Strong? Wrong? Finding the right invitation to community

Focus on what is STRONG not what is WRONG in ABCD thinking

Anarchist thinking has Use what is WRONG to see a new STRONG
Alastair Somerville, 2026

Just due to my current mix of reading community development books from different perspectives, I’m wondering about how to open up invitations to new people to join a community of change.

Comparing some ABCD and Anarchist ideas about Strong and Wrong.

ABCD and Strong

ABCD uses focus on Strong to break the idea that communities are broken and thus needy.

The broken viewpoint is how governments and institutions frame people has lacking capacities and thus in need of capabilities that they design and offer.

Anarchy and Wrong

Anarchy has used Wrong lately to enable vision of some new form of Strong. That a clear rupture is needed in provision for people to perceive an Outside that may work in new, possibly mutual aid and non-capitalist, ways.

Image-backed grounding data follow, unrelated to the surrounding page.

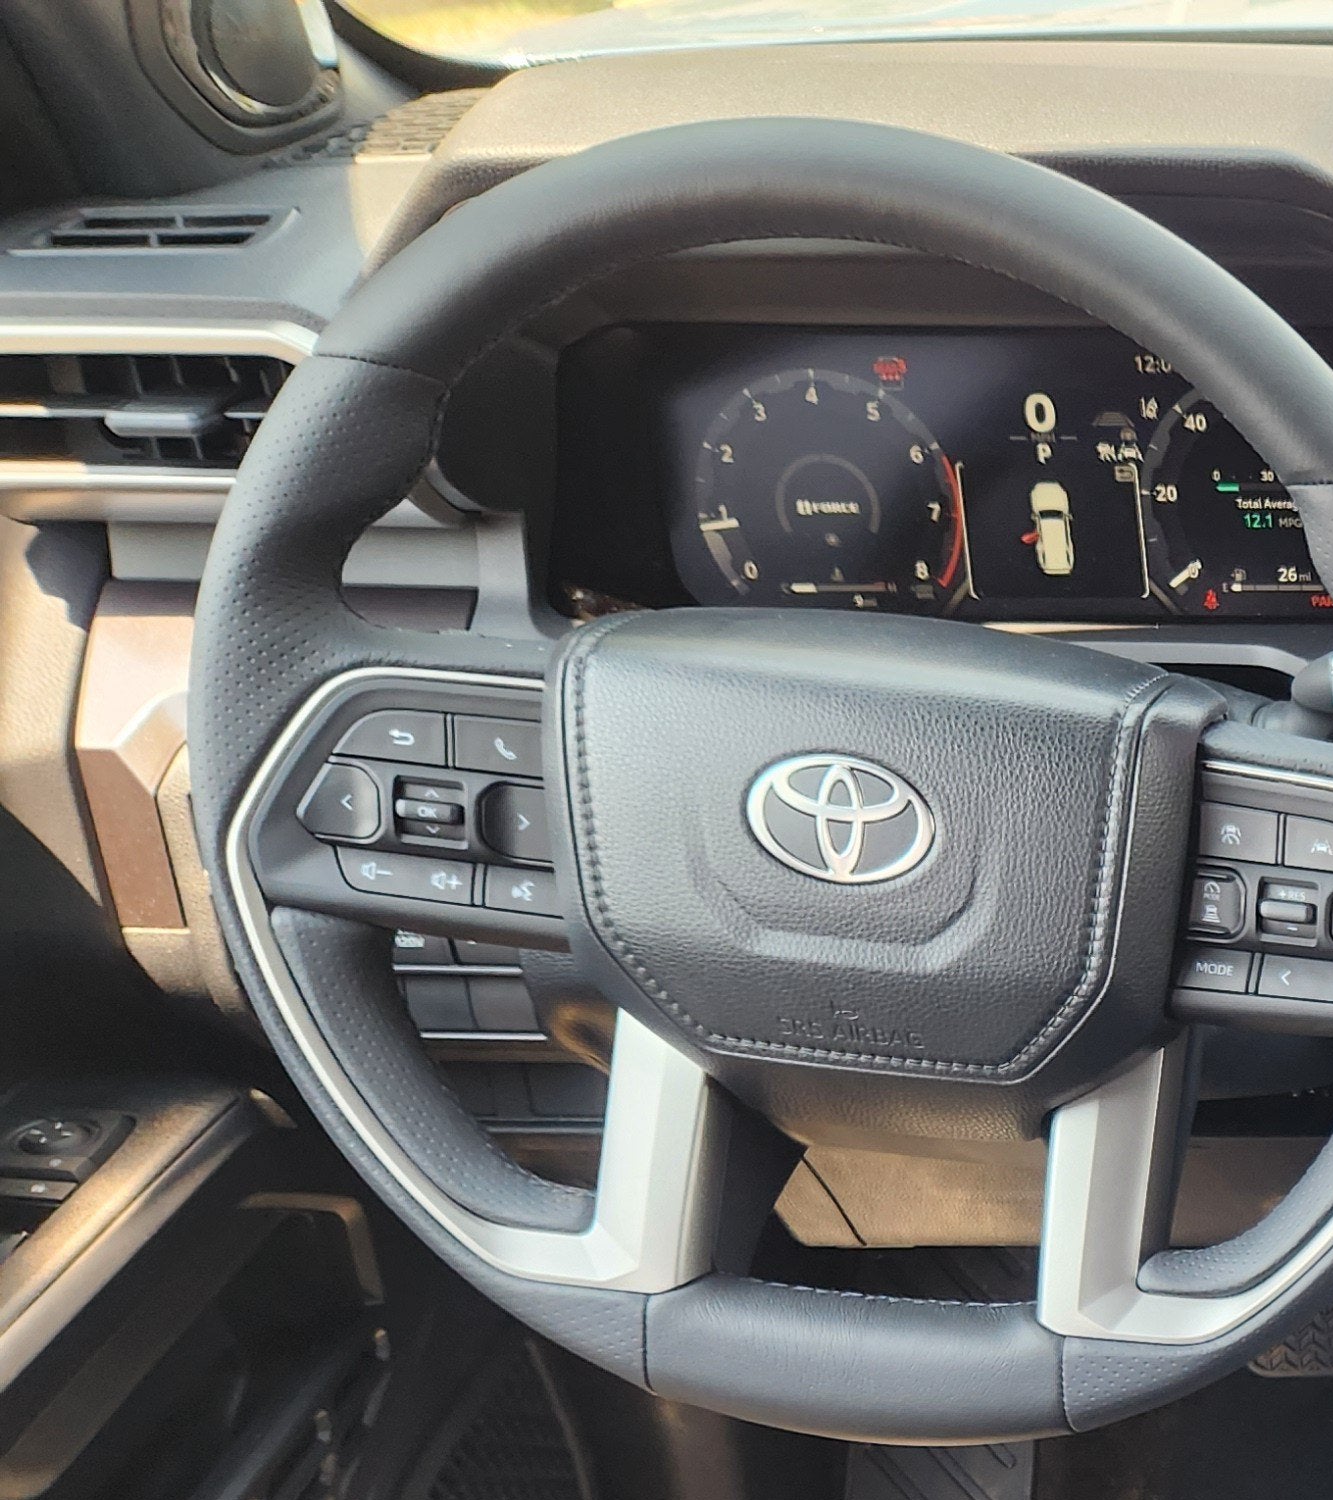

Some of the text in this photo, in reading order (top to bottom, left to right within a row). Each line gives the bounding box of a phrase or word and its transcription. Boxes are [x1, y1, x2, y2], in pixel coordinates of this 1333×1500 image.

[752, 402, 768, 422] 3
[866, 401, 881, 423] 5
[1025, 392, 1057, 433] 0
[1183, 412, 1208, 433] 40
[719, 443, 735, 463] 2
[909, 444, 924, 464] 6
[1036, 441, 1052, 465] P
[1211, 468, 1275, 483] 0 30
[1154, 484, 1178, 503] 20
[927, 501, 942, 523] 7
[1236, 498, 1262, 511] Total
[1243, 513, 1274, 529] 12.1
[742, 560, 760, 581] 0
[914, 560, 929, 580] 8
[1276, 566, 1312, 583] 26 mi
[1195, 962, 1234, 977] MODE
[832, 1023, 926, 1049] AIRBAG
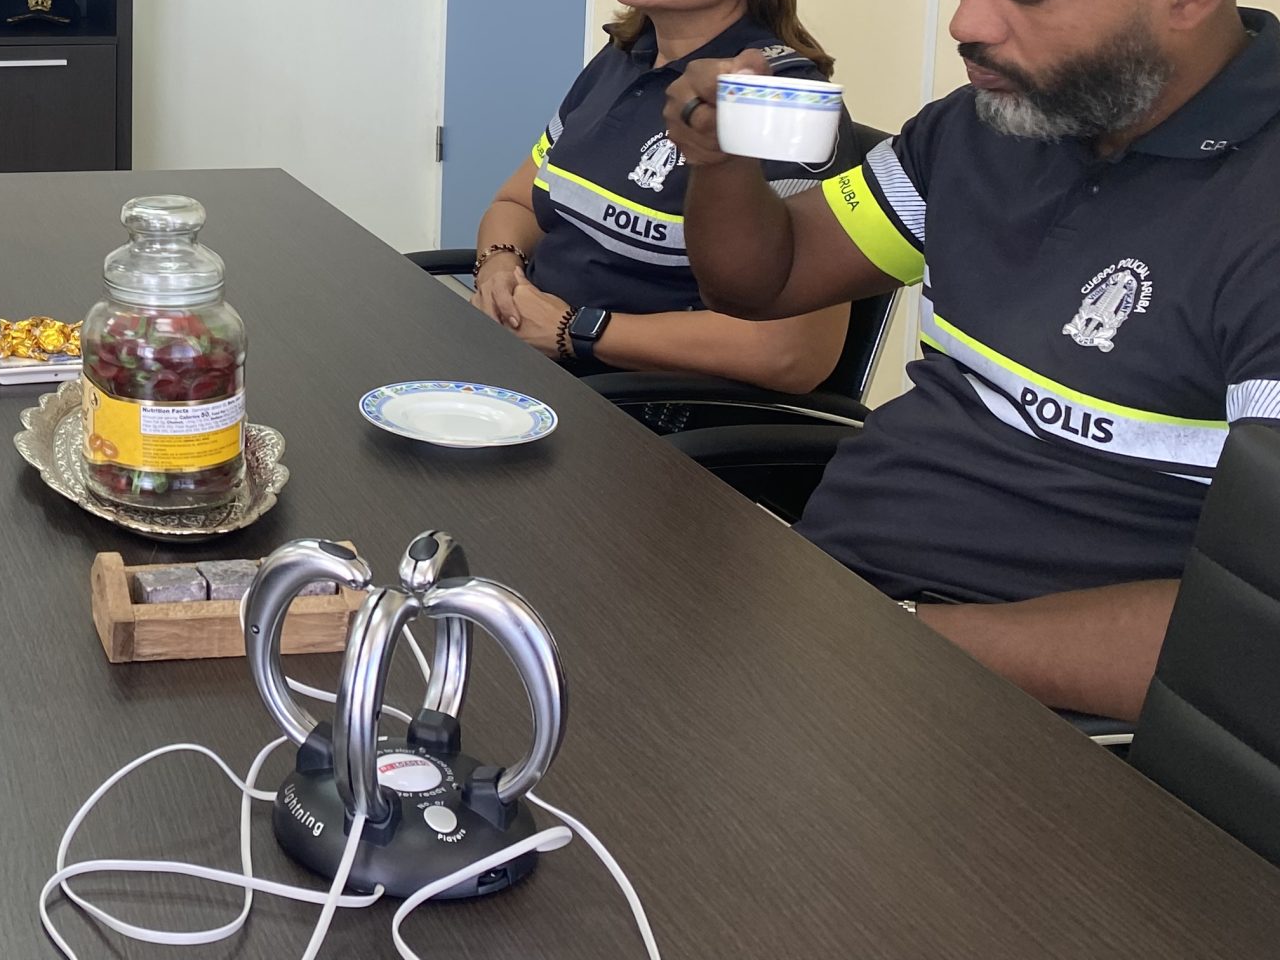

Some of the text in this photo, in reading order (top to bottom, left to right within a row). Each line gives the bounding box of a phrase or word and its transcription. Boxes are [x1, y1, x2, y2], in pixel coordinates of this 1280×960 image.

[603, 204, 668, 242] POLIS
[1080, 257, 1153, 313] CUERPO POLICIAL ARUBA
[1021, 386, 1114, 444] POLIS
[284, 783, 325, 837] Lightning
[437, 828, 467, 844] Players

This is what happened with Hurricane Sandy and Covid.

Different Social Models

I wonder if this is like Social Model of Disability but where Wrong or Broken clearly needs to be placed on institutions not individuals. The problem is not in the people or the communities but the service assessment and design of the institutions.

Two sides of a Mutual Aid coin

The other thing that comes to mind is that these are the same thing but from different linguistic perspectives.

Both ABCD and Anarchy are about mutual aid. Both seek to offer assistance by building capabilities from the capacities of individuals.

The Strong and the Whole are therefore about perspectives on that offer.

They are also about finding the language and perspective that aligns most successfully with the people who might both seek and offer aid.

Anarchy and its desire for a rupture to see alternative futures may not be suitable language or action to draw in some groups. They may however, be drawn to an ABCD idea of recognising the capacities of people and inviting them to use them. There is still an underlying sense of ‘sticking it to the man’ in both approaches. Both offer people the idea that institutions have failed and communities can help. Anarchy and ABCD both share the same intent but their differing language shows that words can attract and repel individuals. As I wrote in this Finding the right language post, projects need to check their language early for its suitability of use.